Louis died face up in a restroom in New York’s Penn Station from a heart attack in March 1974; he was 73. He was one of the most important architects of his generation. He had just returned from India, bankrupt and alone. It took authorities three days to notify his next of kin, because Louis had crossed out his address on his passport. He left behind three families: one with his wife of many years and his daughter, and two with women with whom he had had long affairs and illegitimate children. All three families lived within miles of each other in the Philadelphia area but never crossed paths until his funeral.

Louis’ only son, Nathaniel, was 11 years old at the time and was not mentioned in his father’s obituary.

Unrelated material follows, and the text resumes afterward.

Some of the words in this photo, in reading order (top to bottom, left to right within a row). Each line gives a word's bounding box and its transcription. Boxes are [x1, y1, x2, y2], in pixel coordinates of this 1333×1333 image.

Twenty-five years later, Nathaniel, no longer satisfied with a child’s keyhole glimpse into his father’s world, wanted to know more about that man. Nathaniel’s quest to glean any information he could from his father’s past environs took him from Pennsylvania to Texas and then to Bangladesh and locales beyond. What he discovered was a man influenced by circumstance and frustration: an accidental tourist who trusted his work more than his personal relationships and who, even in the wake of international fame, kept his feet firmly planted in the trenches of his art rather than dancing on a pedestal.

My Architect includes interviews with Louis’ peers, the man who first happened upon his body, university colleagues, lovers, clients, an emphatic detractor, admirers, such architectural luminaries as Frank Gehry and Philip Johnson, and even the cabbies who spirited Louis around Philadelphia. The film visits such buildings of his as the Trenton Bathhouse (1954-1969), where Louis first discovered himself, and the Richards Medical Towers (1957-1962), where the world finally discovered him. And it talks of his immigration from Estonia as a child, an accident that left his face scarred from fire, his early days as a piano player in silent-movie houses and his desire to leave a permanent imprint on the world.

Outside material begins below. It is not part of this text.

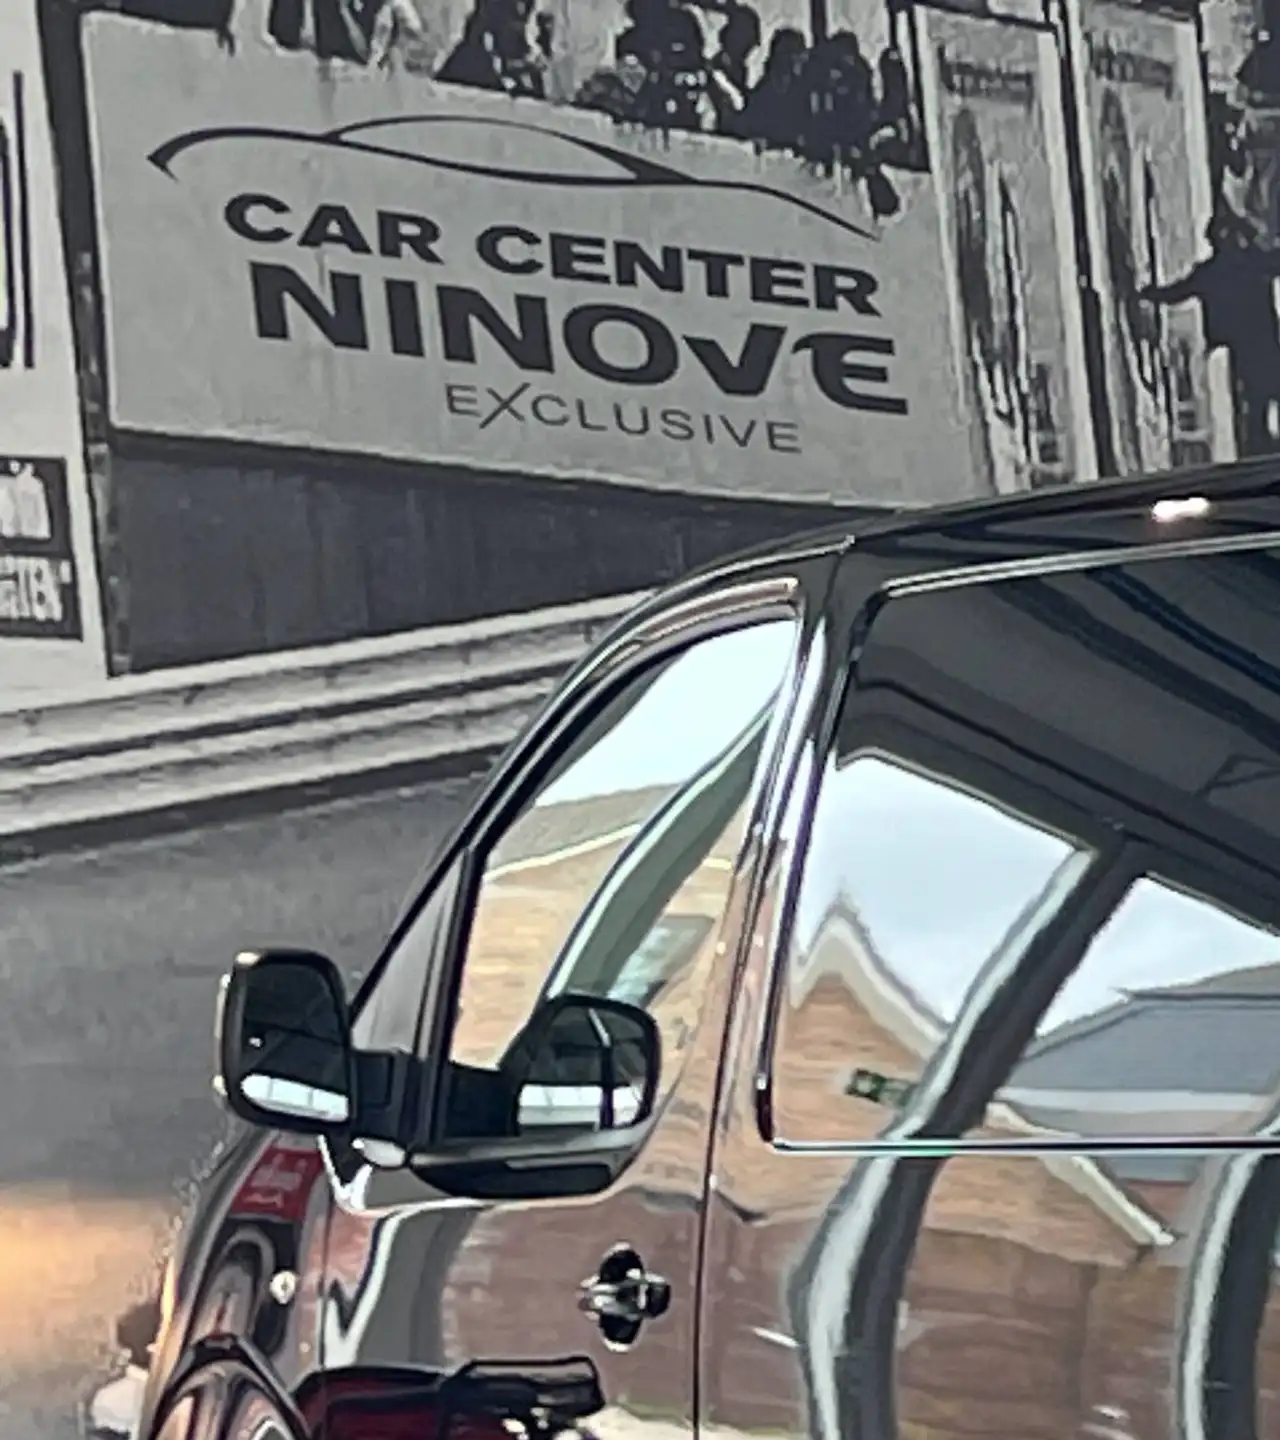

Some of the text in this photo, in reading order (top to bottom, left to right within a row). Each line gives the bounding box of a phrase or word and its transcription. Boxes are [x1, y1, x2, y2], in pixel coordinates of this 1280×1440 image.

[224, 192, 881, 318] CAR CENTER
[247, 260, 910, 415] NINOVE
[445, 382, 804, 454] EXCLUSIVE
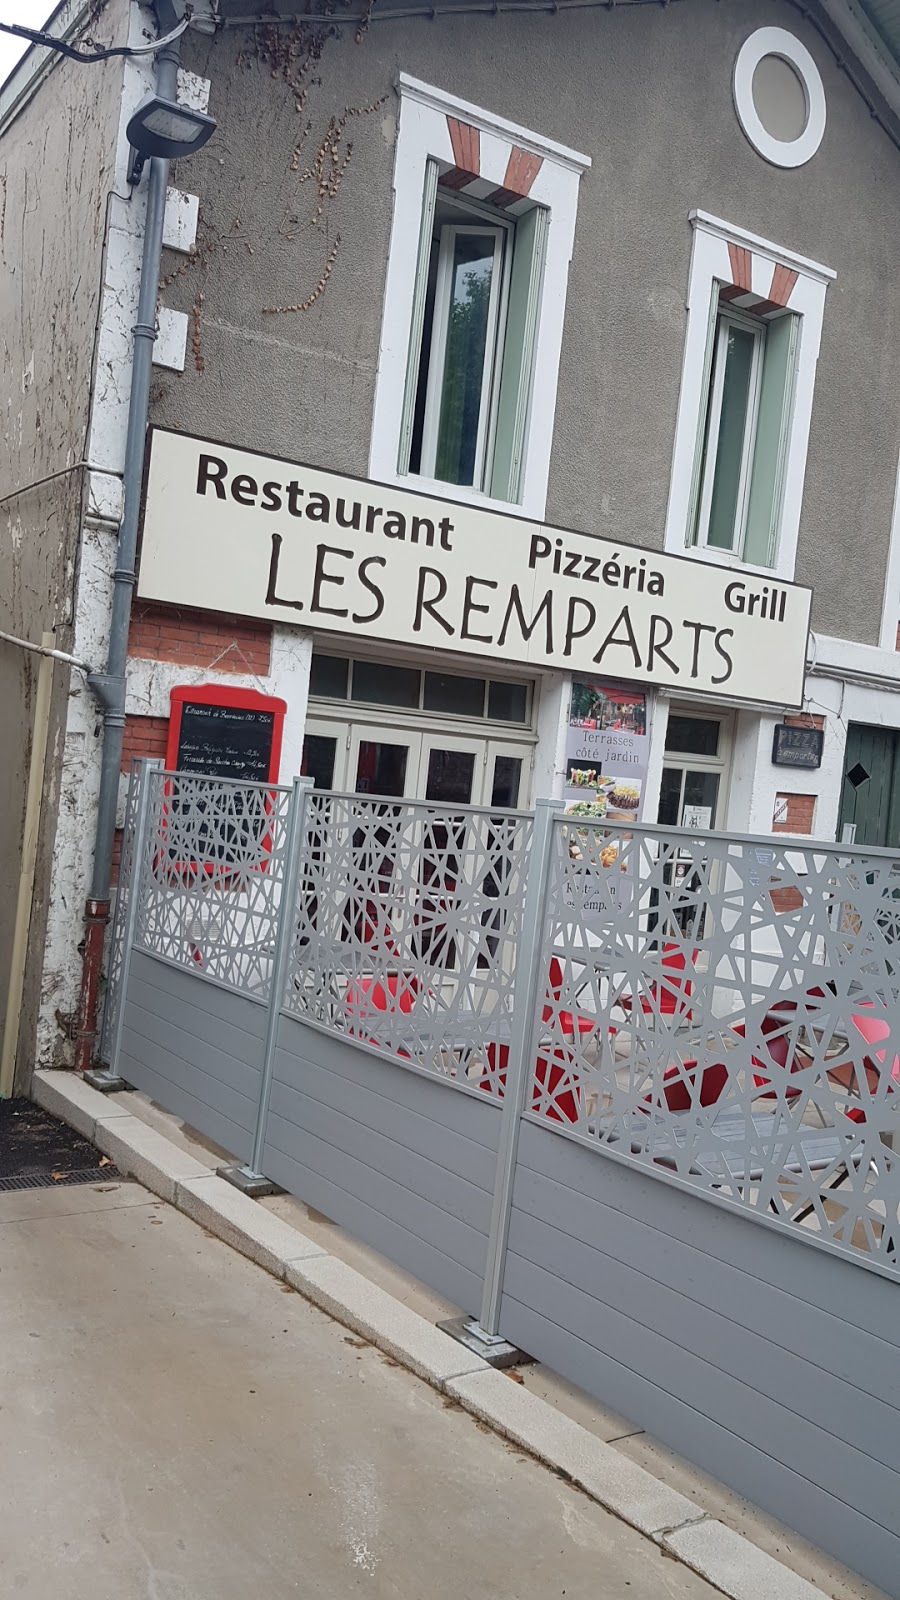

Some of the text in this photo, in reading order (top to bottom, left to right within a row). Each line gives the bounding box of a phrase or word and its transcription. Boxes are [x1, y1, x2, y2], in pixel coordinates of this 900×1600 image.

Nathaniel has divided his film into such sections as “Beginnings,” “The Immigrant,” “Looking in Philadelphia,” “Heading West,” “Dreams of a Better City” and “The Truth About the Bastard.” He uses time-lapse photography and a soundtrack that includes orchestral arrangements and music by Neil Young, Hank Williams and Aaron Copland for dramatic effect. And he escorts us into a world of mostly concrete and brick, in which modern buildings have the transcendent feel of ancient ruins and combine the elements of geometrical clarity, primitive power, natural light and the spirituality of space into timeless monuments.

Nathaniel never gets incontestable proof that Louis had marked out his passport address because he had finally decided to leave his wife and move in with Nathaniel’s mother. But he does find that walking through his father’s buildings is like walking through his mind. And he does end up with a clearer image of a short, scarred Jew with a funny voice who changed the course of architecture in the face of prejudice and derision and who usually answered even the most mundane questions with a philosophical lecture.

Louis left no physical proof of his presence in the home of Nathaniel’s mother, but he did send Nathaniel a postcard one day, with a telling postscript: “Your father does not feel like a conquering hero. Someday, I hope to teach you to be a better man than I am.” That day never came. But at least Nathaniel has found the right time and place to say his goodbye.